Constrained decoding restricts an LLM’s token generation to outputs that satisfy a formal constraint such as valid JSON, a grammar, or a fixed set of choices, making structured outputs reliable for tool use and automation.
Constrained decoding is the runtime process of generating tokens while enforcing rules about what tokens are allowed next. Instead of letting a large language model (LLM) sample freely from its vocabulary at each step, the decoder intersects the model’s probability distribution with a set of permitted next tokens derived from a constraint, then renormalizes and continues.
What is Constrained Decoding?
Most LLM applications fail in boring ways: the model is correct in intent, but the output is not usable by software. A single extra comma breaks JSON parsing, a missing field fails a validation step, and an invalid enum value causes an API request to be rejected. Constrained decoding addresses that class of failures by turning “format instructions” into hard decoding-time constraints.

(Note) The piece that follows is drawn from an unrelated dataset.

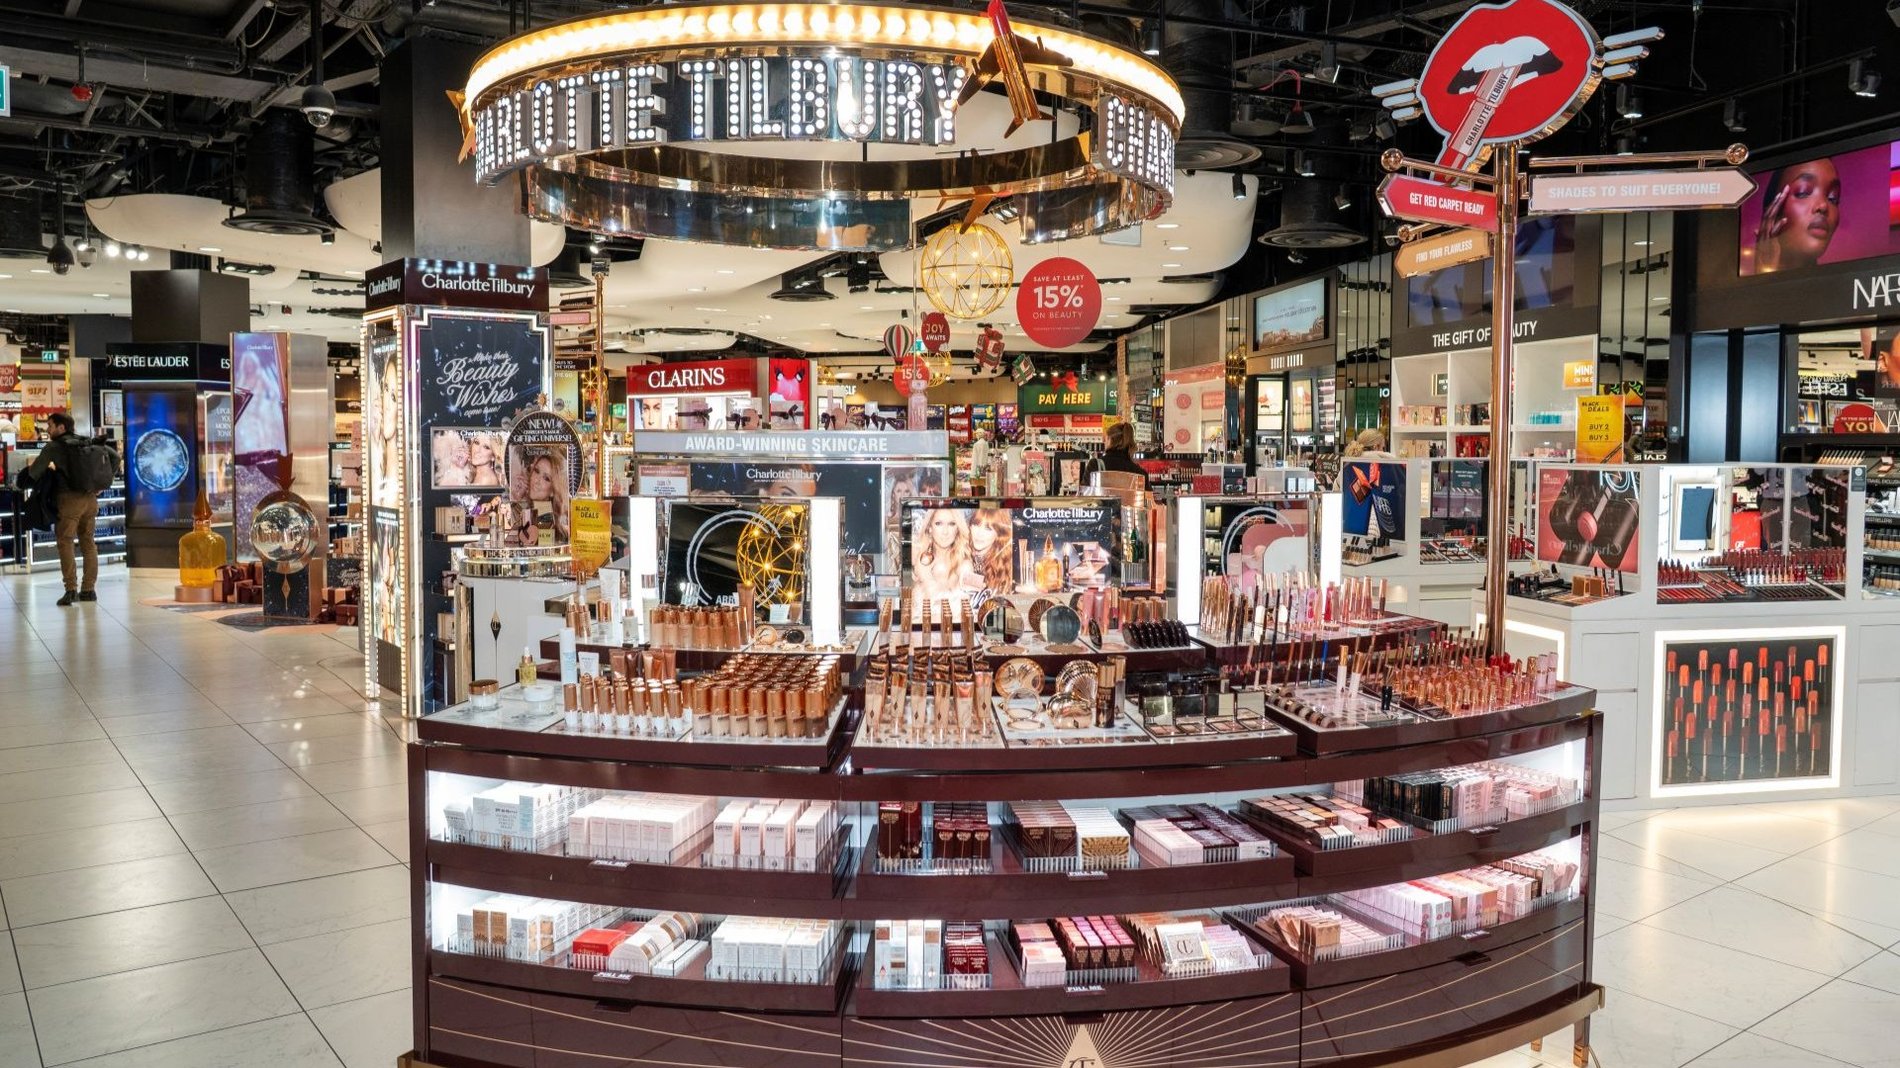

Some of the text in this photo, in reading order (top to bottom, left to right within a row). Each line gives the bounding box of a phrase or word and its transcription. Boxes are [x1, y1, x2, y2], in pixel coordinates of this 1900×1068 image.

Mechanically, you can think of each decoding step as: (1) the model produces logits for the next token, (2) a constraint engine computes which next tokens are valid given what has been generated so far, (3) invalid tokens are masked out, and (4) sampling or greedy decoding proceeds using only valid tokens.

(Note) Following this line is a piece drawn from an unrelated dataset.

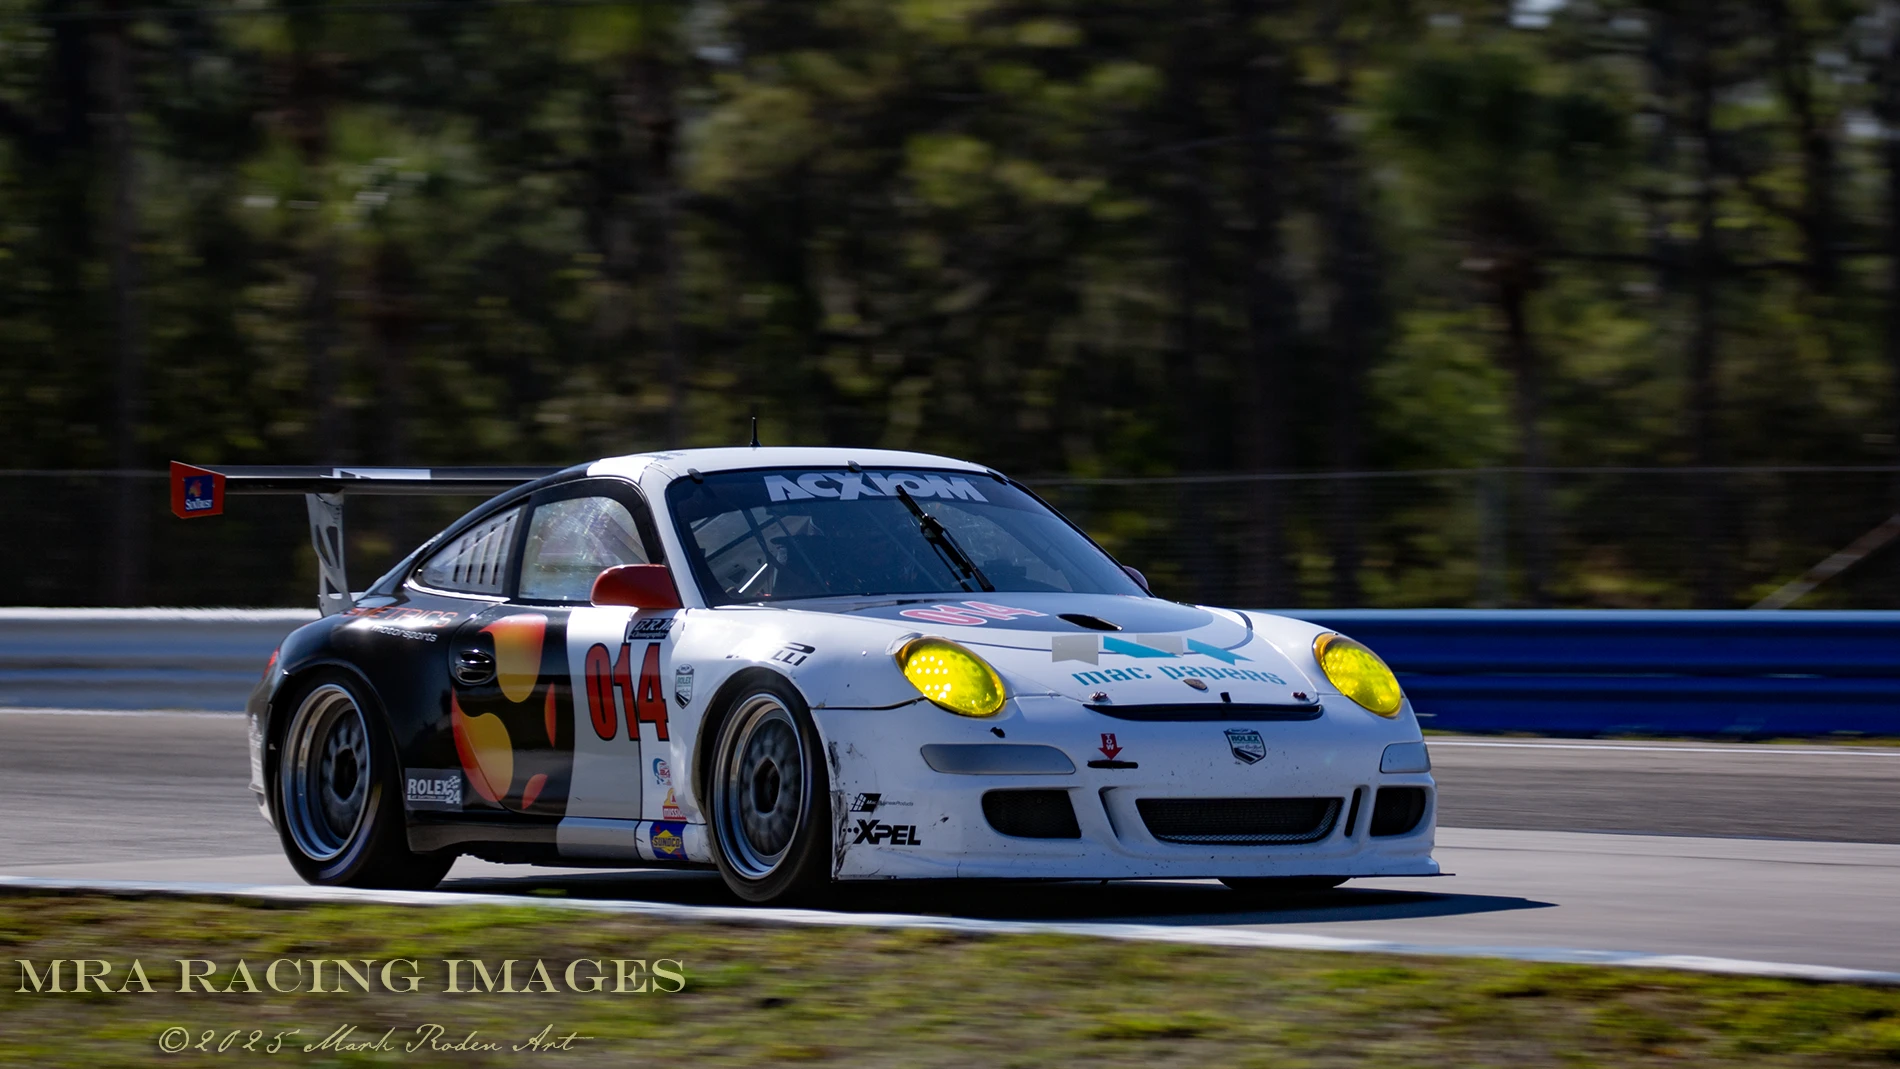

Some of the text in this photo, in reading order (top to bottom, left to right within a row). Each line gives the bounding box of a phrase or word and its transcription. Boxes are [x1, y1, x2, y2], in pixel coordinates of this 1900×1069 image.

Constraints can come from JSON Schema constraints, regular-expression constraints, context-free grammar constraints, or choice constraints. The model still decides the semantic content, but it can only express it through syntax that is guaranteed to be valid.

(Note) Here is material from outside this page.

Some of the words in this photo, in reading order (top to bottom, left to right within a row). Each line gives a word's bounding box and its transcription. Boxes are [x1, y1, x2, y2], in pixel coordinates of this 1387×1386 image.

Where it’s used (and why it matters)
Constrained decoding is used whenever an LLM output becomes an input to downstream code: tool invocation, extraction pipelines, workflow automation, and compliance categories. The practical impact is fewer retries, fewer parsing failures, and a system you can test with deterministic schema-validity checks.
Types and examples
- JSON or schema-constrained generation: enforce required keys, types, and enum values for outputs like
{intent, urgency, customer_id}. - Grammar-constrained generation: generate SQL or a DSL while disallowing unsafe statements and enforcing valid syntax.
- Choice-constrained outputs: restrict output to one of N labels for routing or classification.
How Constrained Decoding shows up in practice
Constrained decoding often replaces “generate then validate then retry.” Teams choose constraint strictness, consider streaming limitations, manage latency overhead, and define fallbacks when a constraint makes generation impossible. In agentic workflows, it is typically paired with tool allowlists and authorization checks.
Constrained Decoding vs. Structured Outputs
Structured outputs are the goal of producing machine-readable, schema-valid results. Constrained decoding is a strong way to achieve that goal because it enforces validity during generation rather than relying on post-generation validation and repair.